Researching rail cargo?

Due to my “career” I wish to model a cement mill and a precast plant on my layout, neither of which will be fully accurate. I know that cement is hauled by rail and have seen instances of precast concrete products hauled but only when the products were needed for the railroad. I’m wondering if the is a “national register” of sortswhere I can determine if and whattypes of precast was delivered by rail on a consistant basis. My era is modern deisel (roughly 1970 and later) and for this purpose locale is something I can fudge.

Thanks

What do you consider “precast”?? I haul a lot of precast-- mostly buildings, pipe and bridge spans. Another precast product I’ve hauled is steps and decorative stuff like “cultured stone”. I’ve not seen any of it go out by rail, but thats not to say it doesn’t. Also. I’ve hauled it for some distance. This is one product that is too costly to haul by rail. Explaination: The casting plant would have cranes to load the product on, let’s say flat cars, the same crane that loads a truck. So far same cost. Now the cost sky rockets because at some point another crane will have to be hired to transfer it to the truck which is hired to deliver it to the job site. We’ve now paid transportation cost to the railroad, paid a crane company to transfer it, paid a trucking company to haul it again. This is not even taking the time involved into consideration. Some large casting plants have cement and aggrigate supllied by rail and truck. Ken

There is no national register of shippers and consignees.

Dave H.

Face it - its YOUR railroad, and you can do whatever you want! Perhaps the precast plant has a huge order for a giant skyscraper or other development that requires components in larger numbers than trucks can handle, so they ship by rail. Maybe right to the job site? Make something up, its your railroad!

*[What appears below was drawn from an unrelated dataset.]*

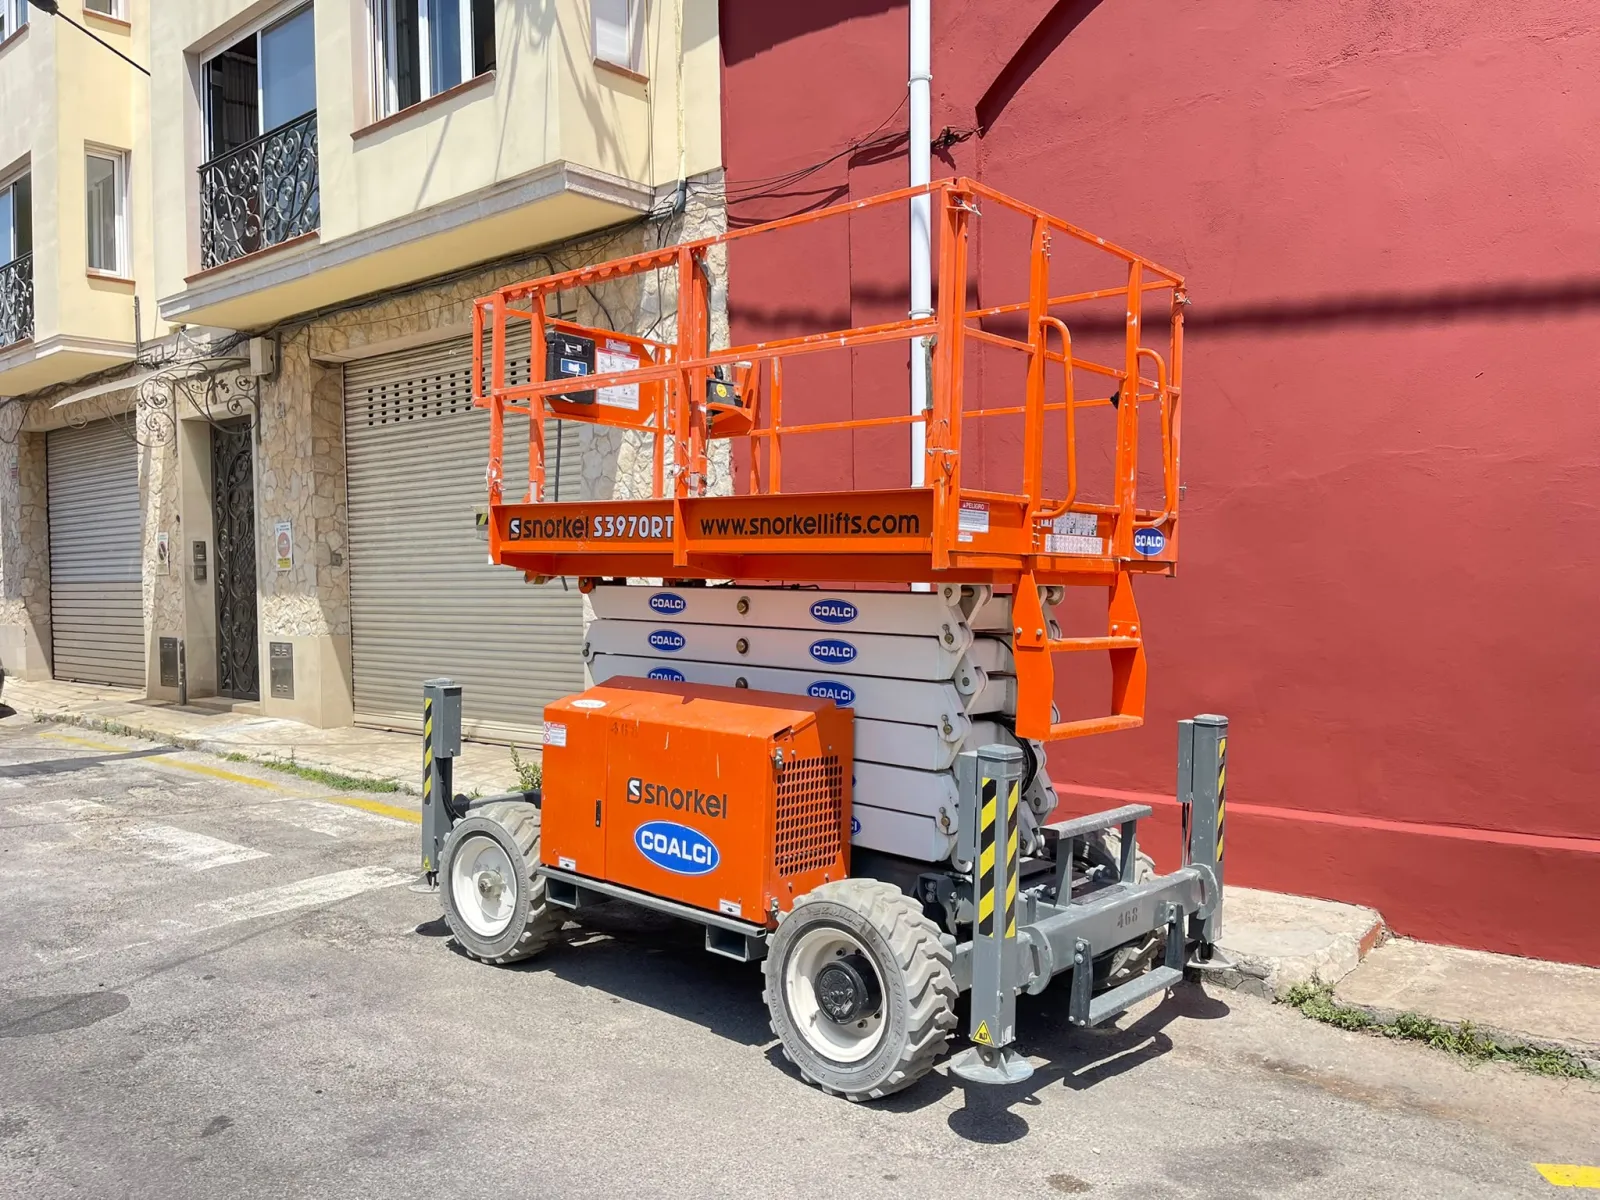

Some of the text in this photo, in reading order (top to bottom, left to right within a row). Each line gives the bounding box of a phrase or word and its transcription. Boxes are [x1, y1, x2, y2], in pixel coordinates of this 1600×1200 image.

Seems to me, what you need is a freight rate list. Those things break down what the specific cargo is and what the rate is to ship it. Different cargoes can go in the same van and have different rates applied. Ex. container trees go as nursery products but bales of peat moss go as nursery supplies and a different rate than the previous. Just like a pre stressed span would go at a different rate than say bagged cement.

But a rate book won’t tell him if the product was shipped, how often and to whom. It only says that the railroad has established a freight rate.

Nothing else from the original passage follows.